Die Vorstellung der Kriminalitätsstatistik für das vergangene Jahr bringt für die Polizei keine Entwarnung, im Gegenteil. „Bei den Einsatzkräften der Polizei stellt sich keine Freude darüber ein, dass rein statistisch die Zahl der registrierten Straftaten gesunken ist, die Angriffe gegen die Polizei haben ein dramatisches Ausmaß angenommen!“ stellte der Bundesvorsitzende DPolG, Rainer Wendt, fest.

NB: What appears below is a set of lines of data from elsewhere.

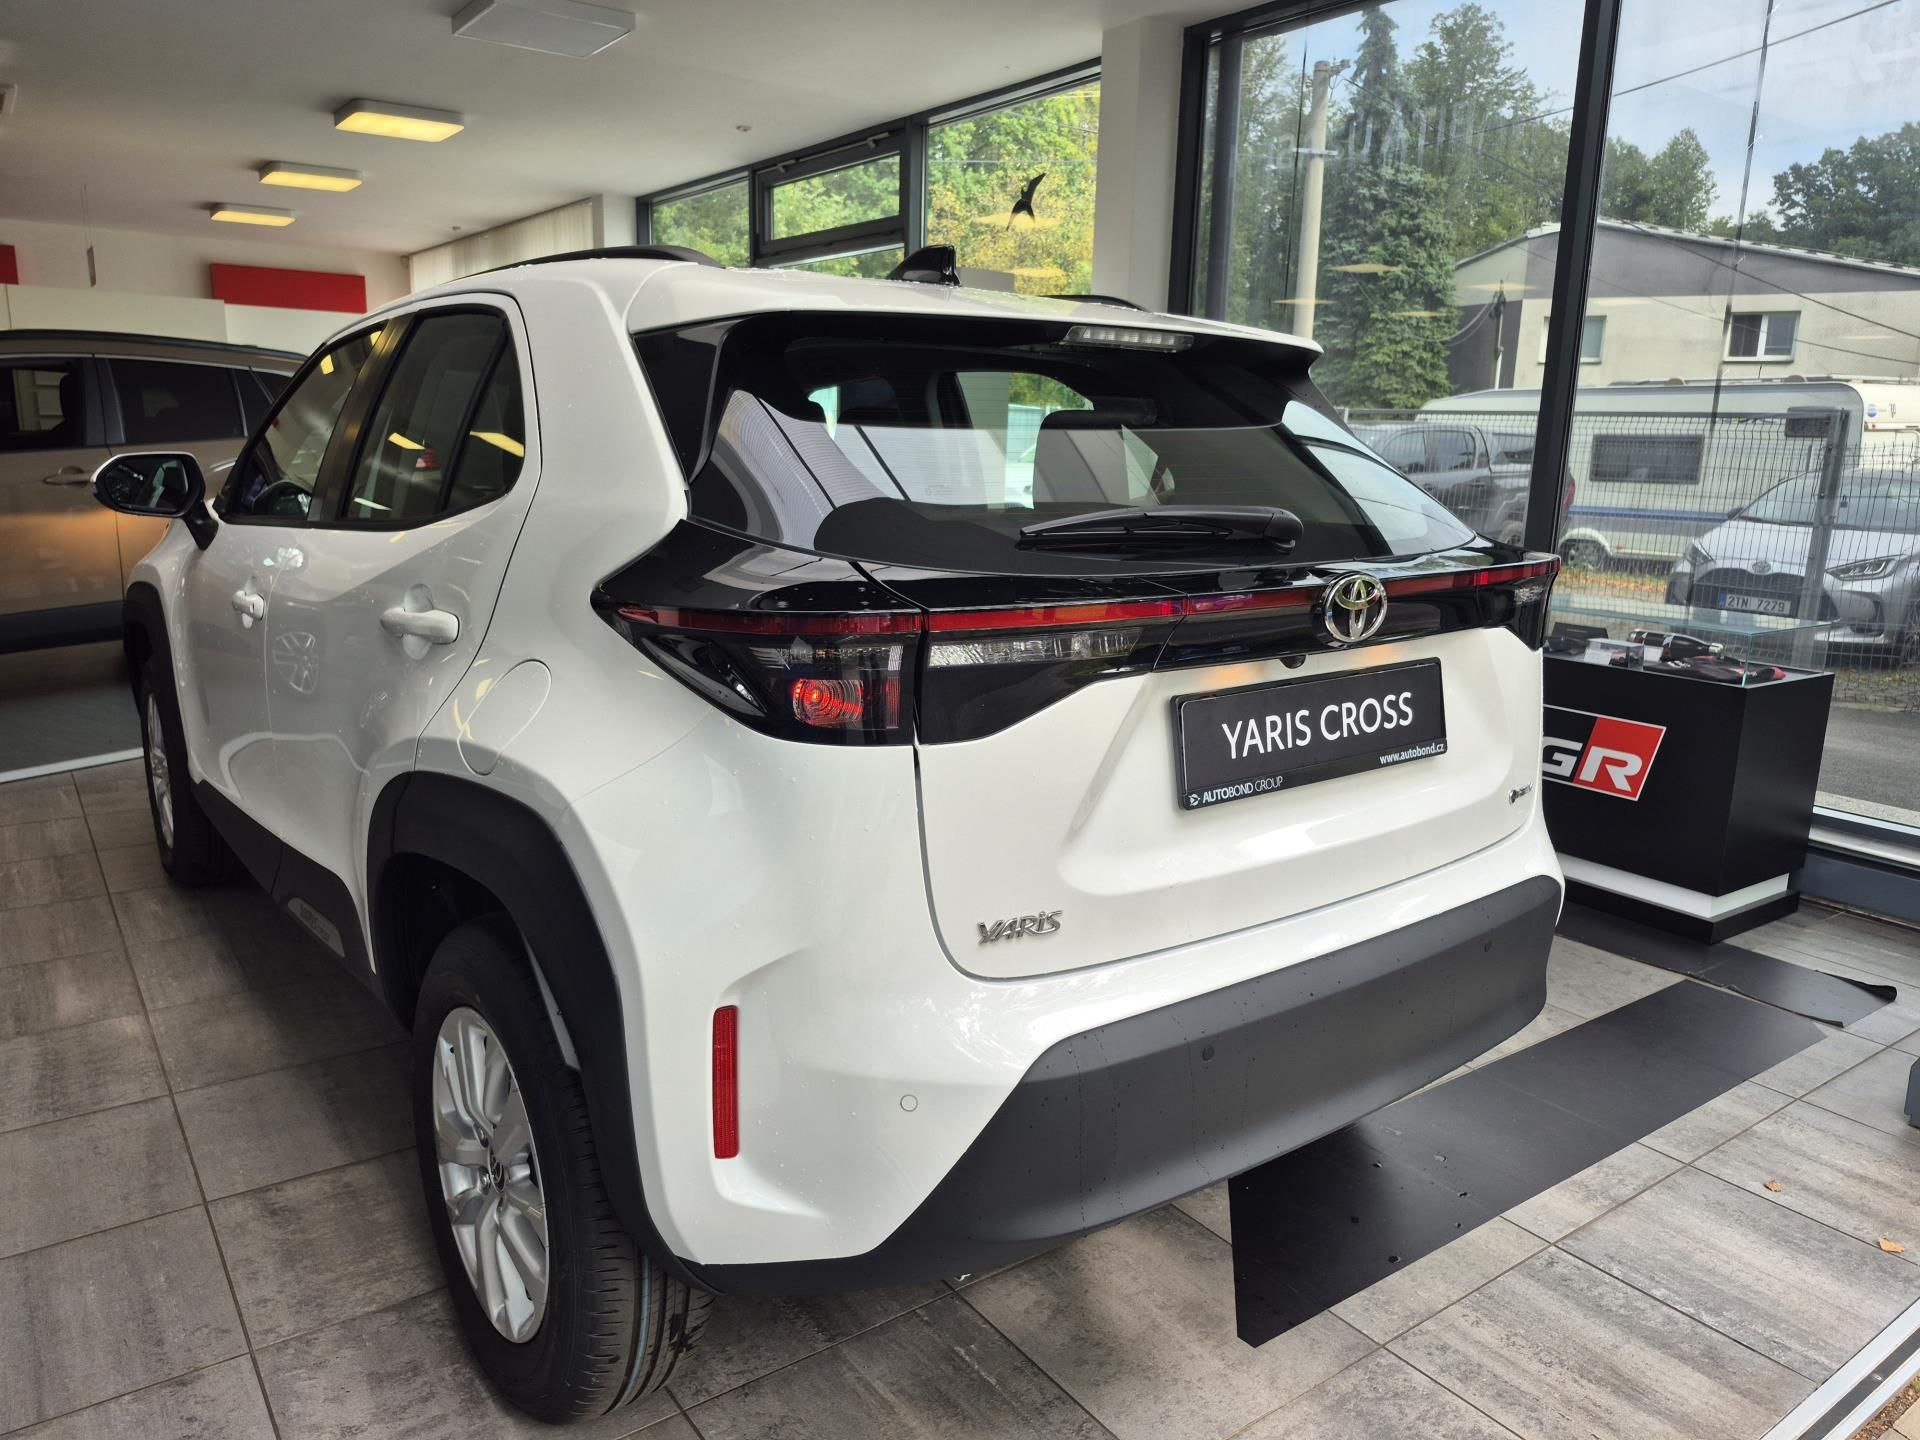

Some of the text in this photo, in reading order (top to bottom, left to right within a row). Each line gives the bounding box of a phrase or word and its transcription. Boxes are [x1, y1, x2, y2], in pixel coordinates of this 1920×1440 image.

[1757, 599, 1785, 612] 7279
[1222, 692, 1413, 760] YARIS CROSS
[1379, 743, 1444, 765] www.autobond.cz
[1543, 737, 1642, 792] GR
[1203, 776, 1283, 803] AUTOBOND GROUP

Der Rückgang registrierter Delikte wird keinerlei Einfluss auf das Unsicherheitsgefühl in der Bevölkerung haben, ist sich der DPolG-Vorsitzende sicher. In Berlin erklärte DPolG Bundesvorsitzender Rainer Wendt: „Das Unsicherheitsgefühl in der Bevölkerung steigt, die Kriminalitätsfurcht auch, daran werden die Zahlen nichts ändern, sie schildern ohnehin nur die registrierten Straftaten, die von der Polizei bearbeitet wurden. Was nicht von Geschädigten zur Anzeige gebracht oder von der Polizei entdeckt wurde, kommt in der Statistik nicht vor.

Jährlich neue Rekorde bei der Gewalt gegen die Polizei, acht Prozent mehr sind ein neuer Höchststand. Es zeigt sich, dass die Akzeptanz staatlichen Handelns weiter abnimmt und die Einsatzkräfte der Polizei dies tagtäglich zu spüren bekommen. Dazu zählt auch, dass diese Gewalt nahezu alltäglich geworden ist und es keine gängigen Täterprofile gibt.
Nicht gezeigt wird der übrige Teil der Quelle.